Exercise aim —
Could you retype all of the records exactly, leaving out every picture?

Text-to-region grounding data
•••

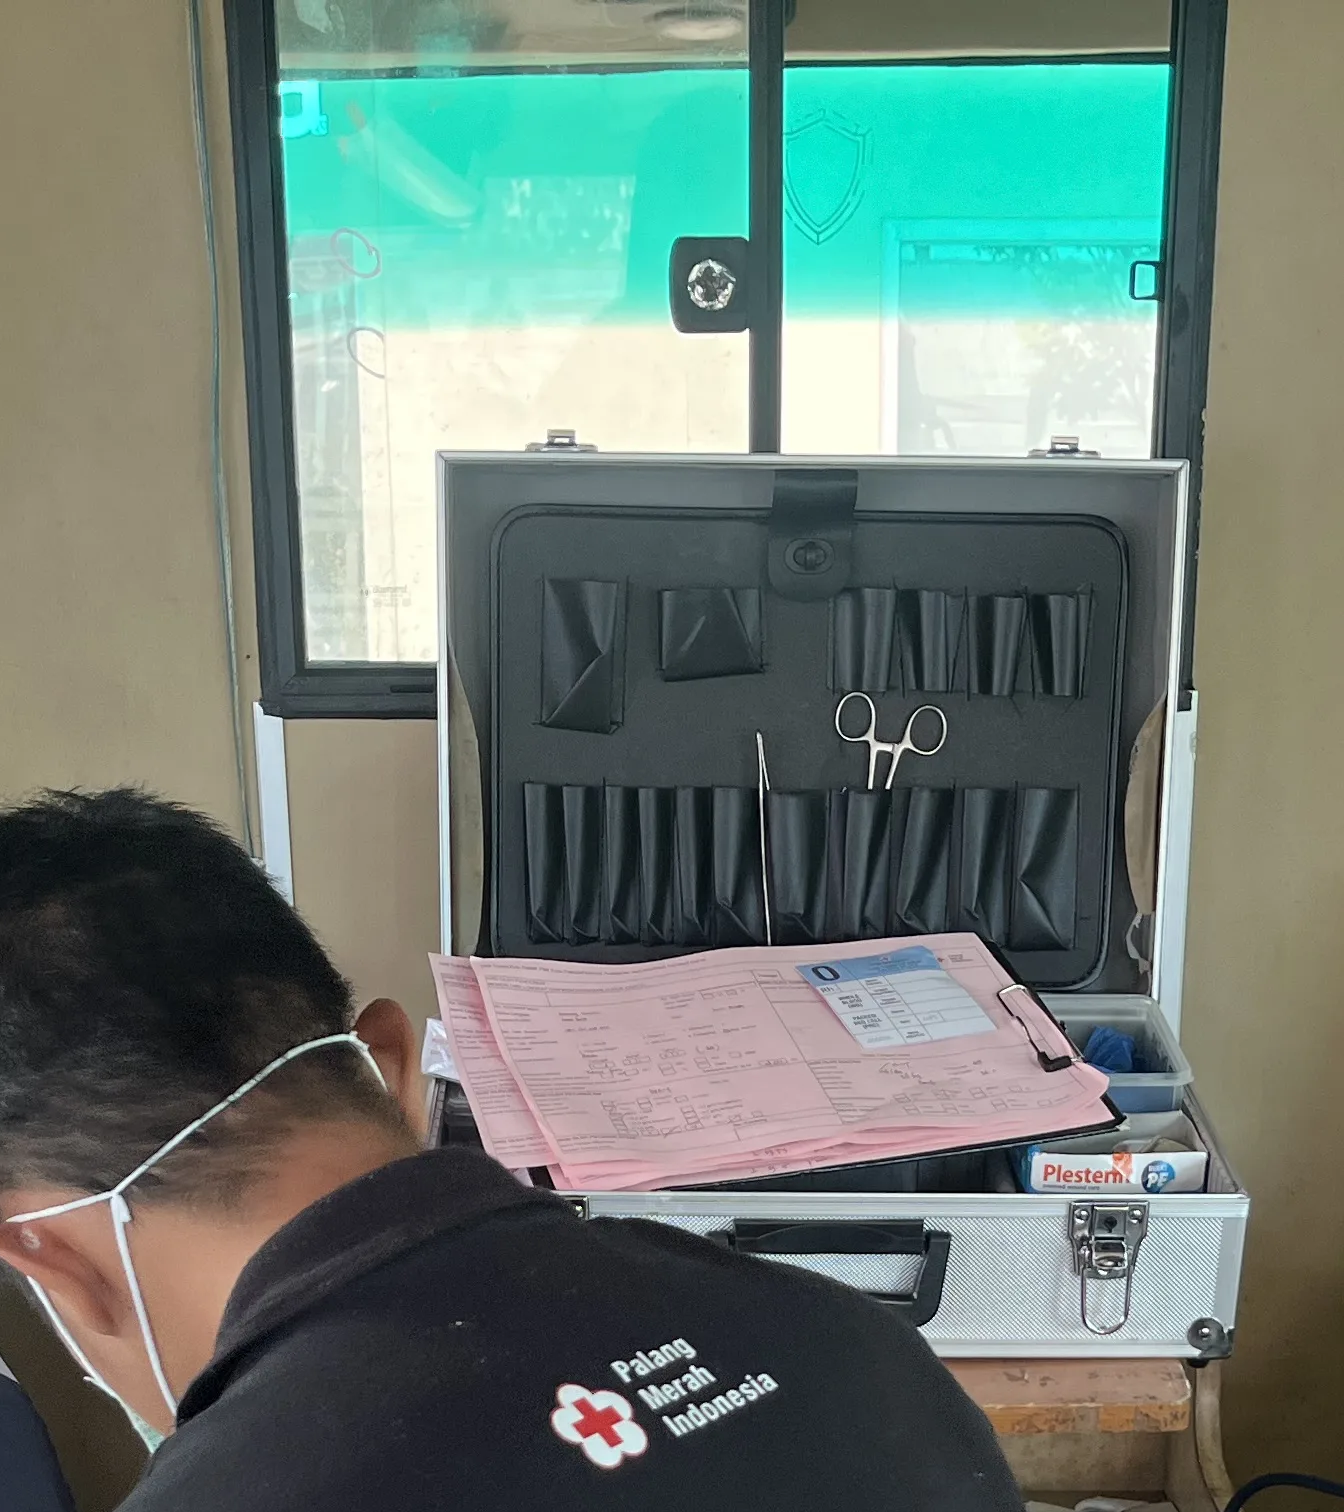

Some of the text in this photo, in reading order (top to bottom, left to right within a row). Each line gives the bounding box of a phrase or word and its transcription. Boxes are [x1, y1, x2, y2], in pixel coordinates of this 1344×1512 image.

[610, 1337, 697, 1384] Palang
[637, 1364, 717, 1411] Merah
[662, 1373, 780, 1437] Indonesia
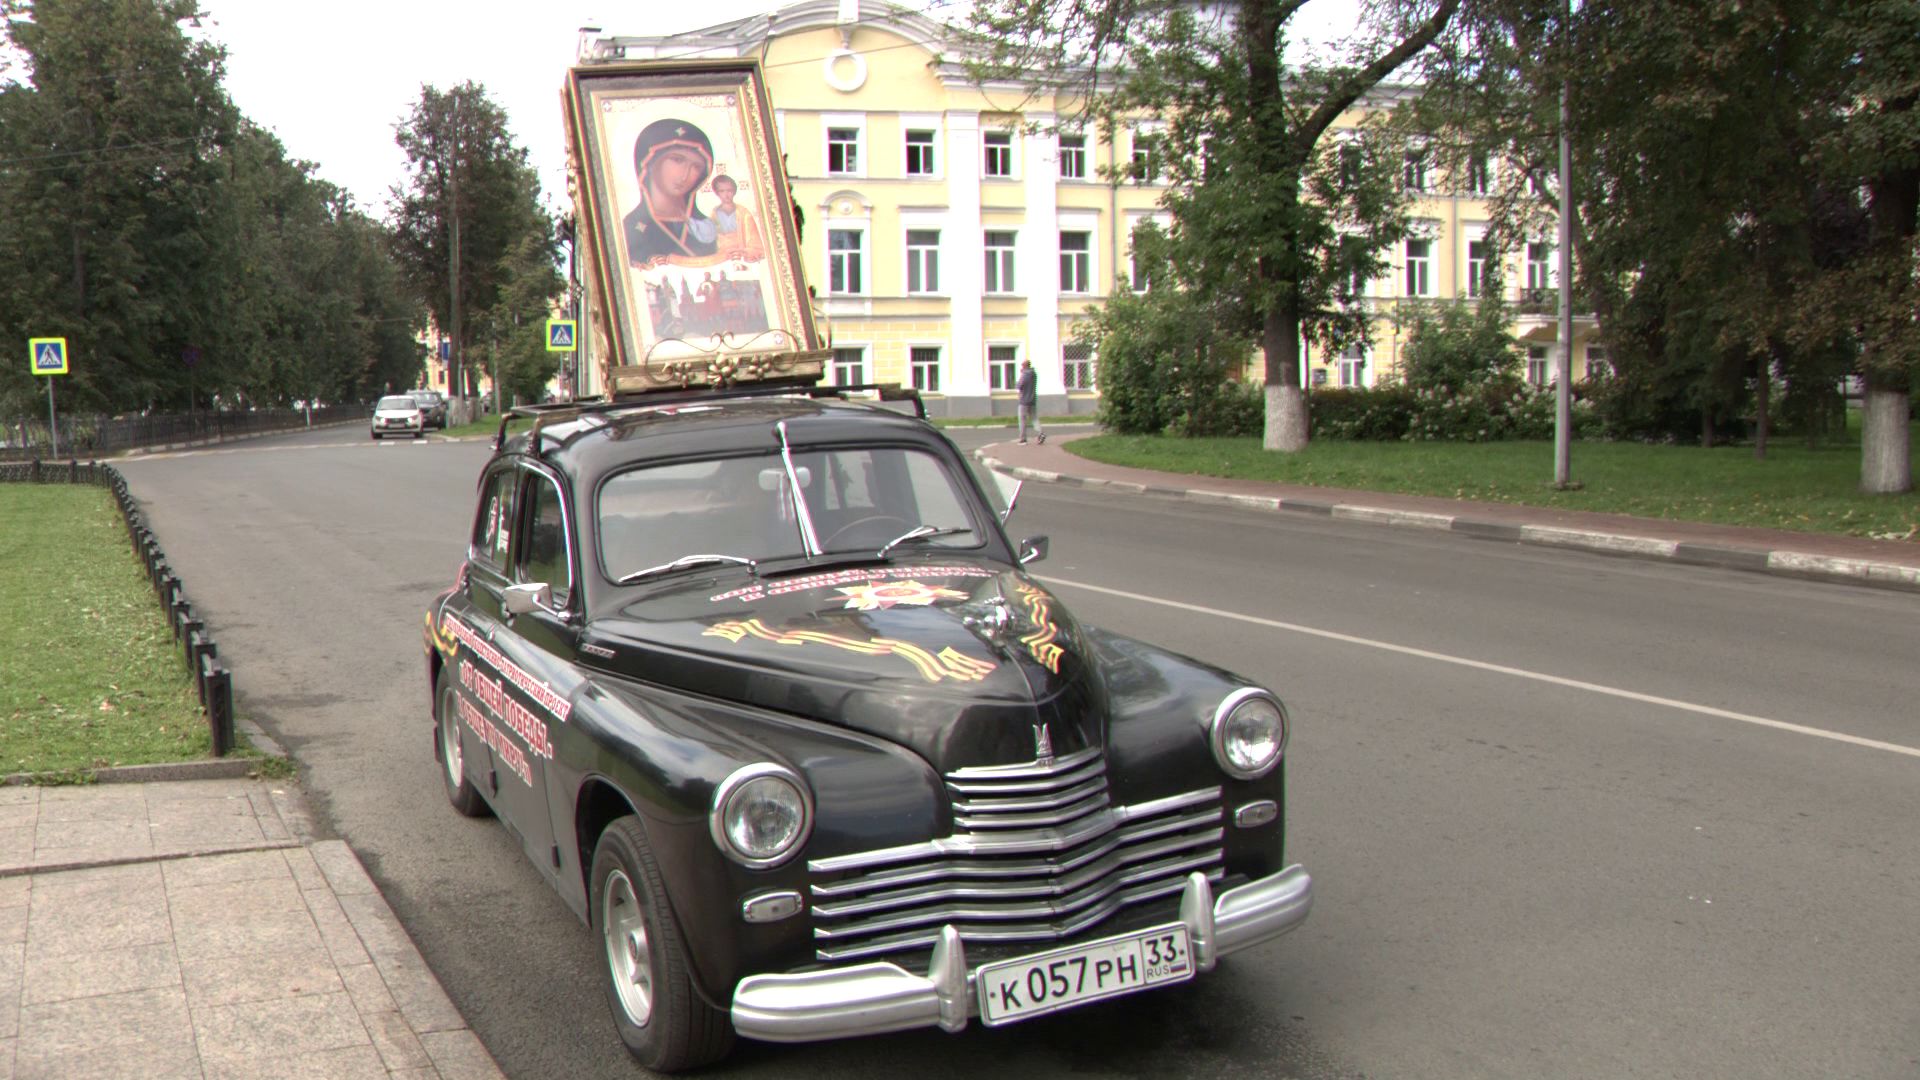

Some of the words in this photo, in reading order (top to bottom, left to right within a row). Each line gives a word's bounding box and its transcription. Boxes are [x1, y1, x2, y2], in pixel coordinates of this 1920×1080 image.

•••

Result of this exercise —
Some of the text in this photo, in reading order (top to bottom, left to right within a row). Each line gives the bounding box of a phrase or word and its transcription. Boxes are [x1, y1, x2, y2], in pixel coordinates of this 1344×1512 image.

[610, 1337, 697, 1384] Palang
[637, 1364, 717, 1411] Merah
[662, 1373, 780, 1437] Indonesia

Some of the words in this photo, in reading order (top to bottom, left to right within a row). Each line gives a word's bounding box and its transcription. Boxes are [x1, y1, x2, y2], in pixel coordinates of this 1920×1080 image.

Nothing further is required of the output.